= Directions for this task =
Set out the records below again exactly; skip the images.

= Annotated photo localization data =
+ + + + + + +

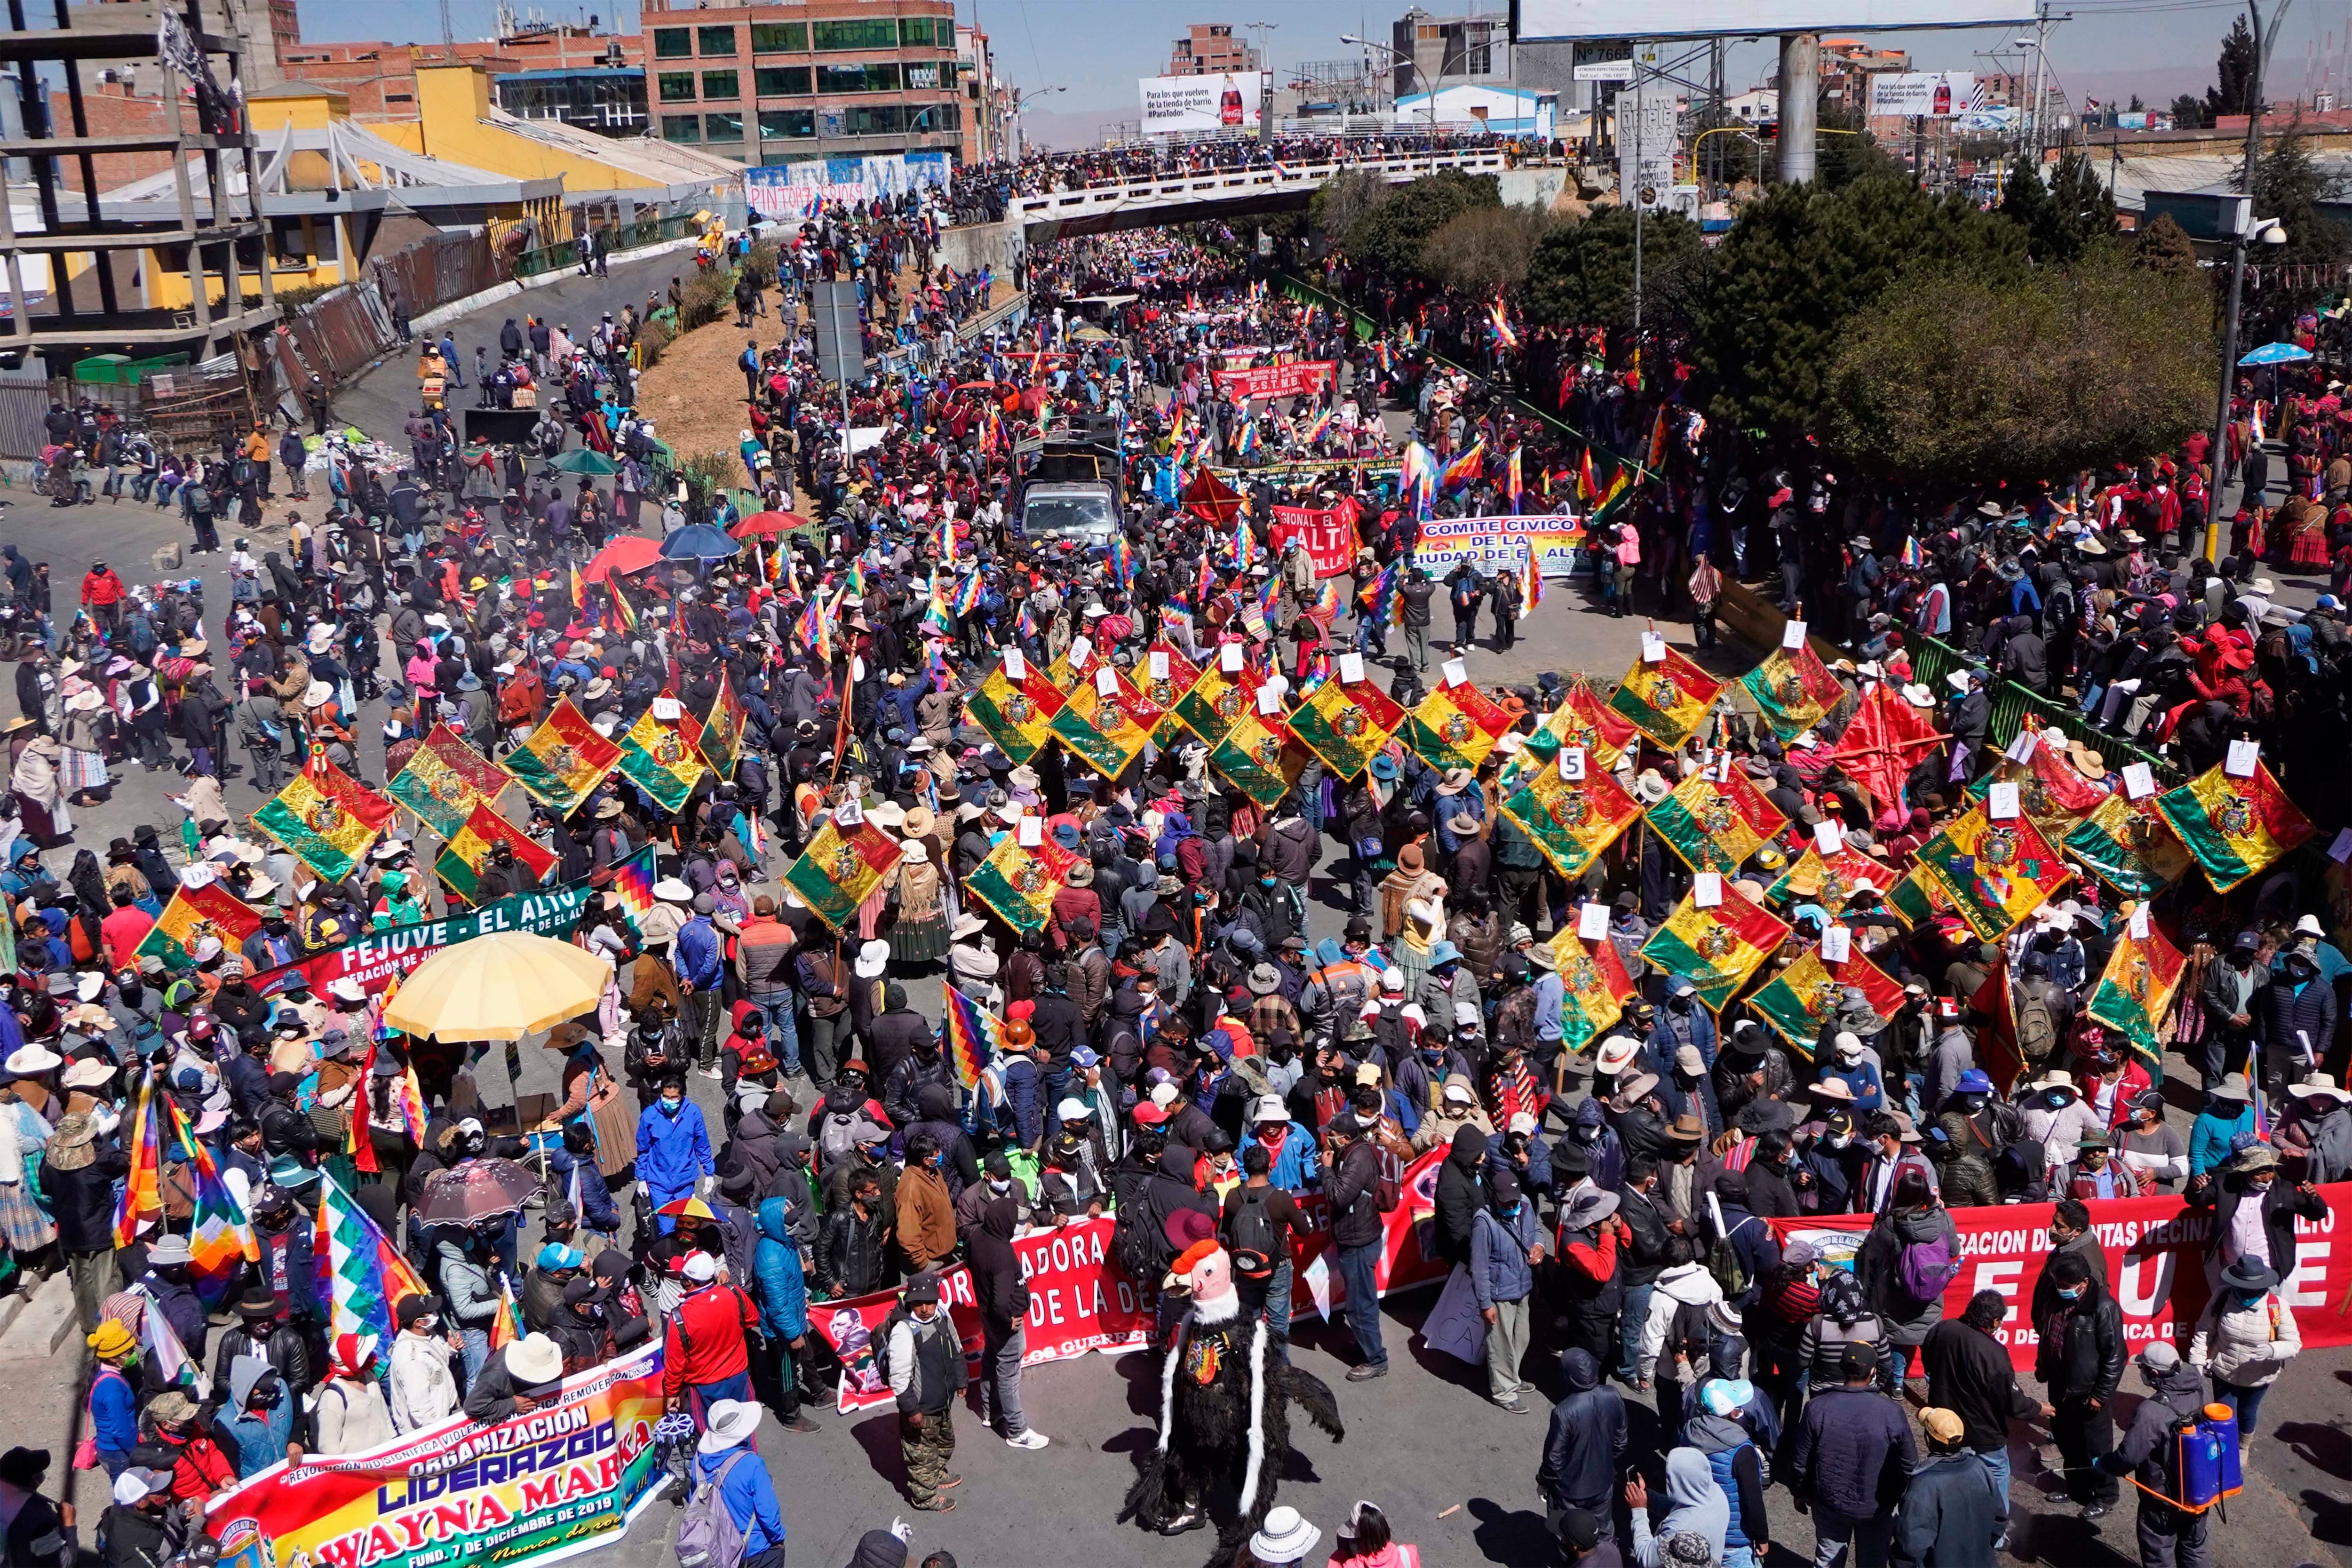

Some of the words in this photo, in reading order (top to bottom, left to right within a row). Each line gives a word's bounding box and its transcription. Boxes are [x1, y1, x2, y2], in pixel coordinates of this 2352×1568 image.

[1598, 48, 1630, 60] 7665
[1157, 100, 1162, 108] la
[1163, 99, 1183, 108] tienda
[1184, 98, 1192, 106] de
[1193, 97, 1213, 106] barrio.
[1172, 91, 1184, 100] que
[1185, 88, 1208, 97] vuelven
[1148, 110, 1184, 118] #ParaTodos
[1281, 370, 1303, 378] BOLIVIA
[1290, 363, 1332, 372] TRABAJADORES
[1323, 514, 1336, 526] EL
[1425, 521, 1500, 536] COMITE
[1507, 518, 1575, 532] CIVICO
[1297, 523, 1346, 551] ALTO
[1472, 536, 1496, 546] DE
[1503, 535, 1527, 546] LA
[1485, 549, 1511, 559] DE
[1547, 548, 1591, 558] ALTO
[1565, 755, 1579, 774] 5
[838, 804, 860, 823] 4
[498, 825, 519, 851] DISTRITO
[342, 922, 447, 971] FEJUVE
[479, 907, 510, 934] EL
[520, 885, 575, 923] ALTO
[403, 953, 417, 968] DE
[539, 918, 551, 931] DE
[555, 914, 566, 926] EL
[569, 906, 585, 921] ALT
[1845, 1237, 1859, 1247] ALTO
[1030, 1288, 1065, 1328] DE
[1077, 1279, 1109, 1319] LA
[2161, 1321, 2187, 1338] DE
[363, 1458, 381, 1470] NO
[384, 1440, 440, 1465] SIGNIFICA
[563, 1377, 611, 1404] REMOVER
[409, 1404, 589, 1478] ORGANIZACIÓN
[378, 1419, 616, 1514] LIDERAZGO
[318, 1494, 509, 1568] WAYNA
[522, 1420, 653, 1516] MARKA
[408, 1548, 448, 1568] FUND.
[452, 1543, 460, 1557] 7
[465, 1539, 482, 1555] DE
[486, 1514, 555, 1548] DICIEMBRE
[558, 1506, 576, 1523] DE
[578, 1496, 612, 1516] 2019
[491, 1536, 560, 1560] Nunca
[565, 1522, 588, 1540] de
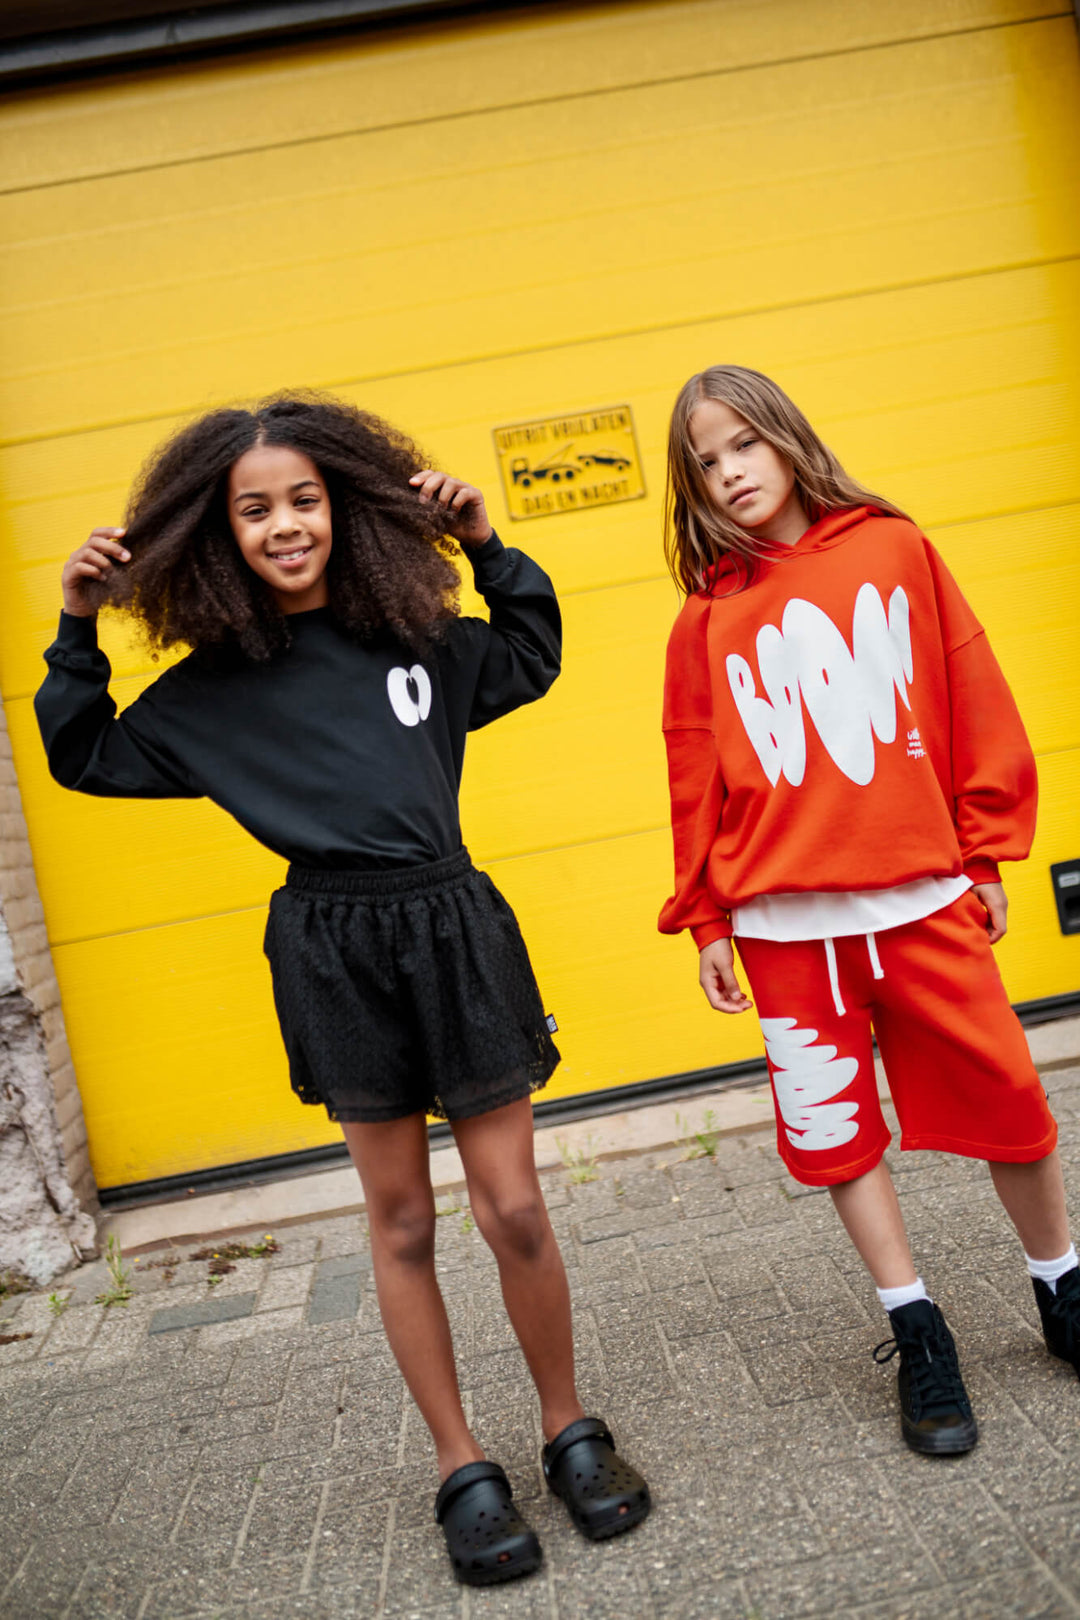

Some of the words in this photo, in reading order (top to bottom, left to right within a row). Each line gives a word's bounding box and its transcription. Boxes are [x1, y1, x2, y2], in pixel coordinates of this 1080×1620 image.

[499, 425, 547, 448] UITRIT
[521, 492, 554, 514] DAG
[557, 489, 577, 508] EN
[580, 480, 629, 504] NACHT

+ + + + + + +

= Task result =
Some of the words in this photo, in reading order (top to bottom, left to right within a row). Each line gives a word's bounding box and its transcription. Boxes are [x1, y1, x2, y2], in pixel coordinates of this 2352×1568 image.

[1598, 48, 1630, 60] 7665
[1157, 100, 1162, 108] la
[1163, 99, 1183, 108] tienda
[1184, 98, 1192, 106] de
[1193, 97, 1213, 106] barrio.
[1172, 91, 1184, 100] que
[1185, 88, 1208, 97] vuelven
[1148, 110, 1184, 118] #ParaTodos
[1281, 370, 1303, 378] BOLIVIA
[1290, 363, 1332, 372] TRABAJADORES
[1323, 514, 1336, 526] EL
[1425, 521, 1500, 536] COMITE
[1507, 518, 1575, 532] CIVICO
[1297, 523, 1346, 551] ALTO
[1472, 536, 1496, 546] DE
[1503, 535, 1527, 546] LA
[1485, 549, 1511, 559] DE
[1547, 548, 1591, 558] ALTO
[1565, 755, 1579, 774] 5
[838, 804, 860, 823] 4
[498, 825, 519, 851] DISTRITO
[342, 922, 447, 971] FEJUVE
[479, 907, 510, 934] EL
[520, 885, 575, 923] ALTO
[403, 953, 417, 968] DE
[539, 918, 551, 931] DE
[555, 914, 566, 926] EL
[569, 906, 585, 921] ALT
[1845, 1237, 1859, 1247] ALTO
[1030, 1288, 1065, 1328] DE
[1077, 1279, 1109, 1319] LA
[2161, 1321, 2187, 1338] DE
[363, 1458, 381, 1470] NO
[384, 1440, 440, 1465] SIGNIFICA
[563, 1377, 611, 1404] REMOVER
[409, 1404, 589, 1478] ORGANIZACIÓN
[378, 1419, 616, 1514] LIDERAZGO
[318, 1494, 509, 1568] WAYNA
[522, 1420, 653, 1516] MARKA
[408, 1548, 448, 1568] FUND.
[452, 1543, 460, 1557] 7
[465, 1539, 482, 1555] DE
[486, 1514, 555, 1548] DICIEMBRE
[558, 1506, 576, 1523] DE
[578, 1496, 612, 1516] 2019
[491, 1536, 560, 1560] Nunca
[565, 1522, 588, 1540] de

Some of the words in this photo, in reading order (top to bottom, left to right within a row). Each line gives a word's bounding box and its transcription. Boxes are [x1, y1, x2, y2], in pixel coordinates of this 1080×1620 image.

[499, 425, 547, 448] UITRIT
[521, 492, 554, 514] DAG
[557, 489, 577, 508] EN
[580, 480, 629, 504] NACHT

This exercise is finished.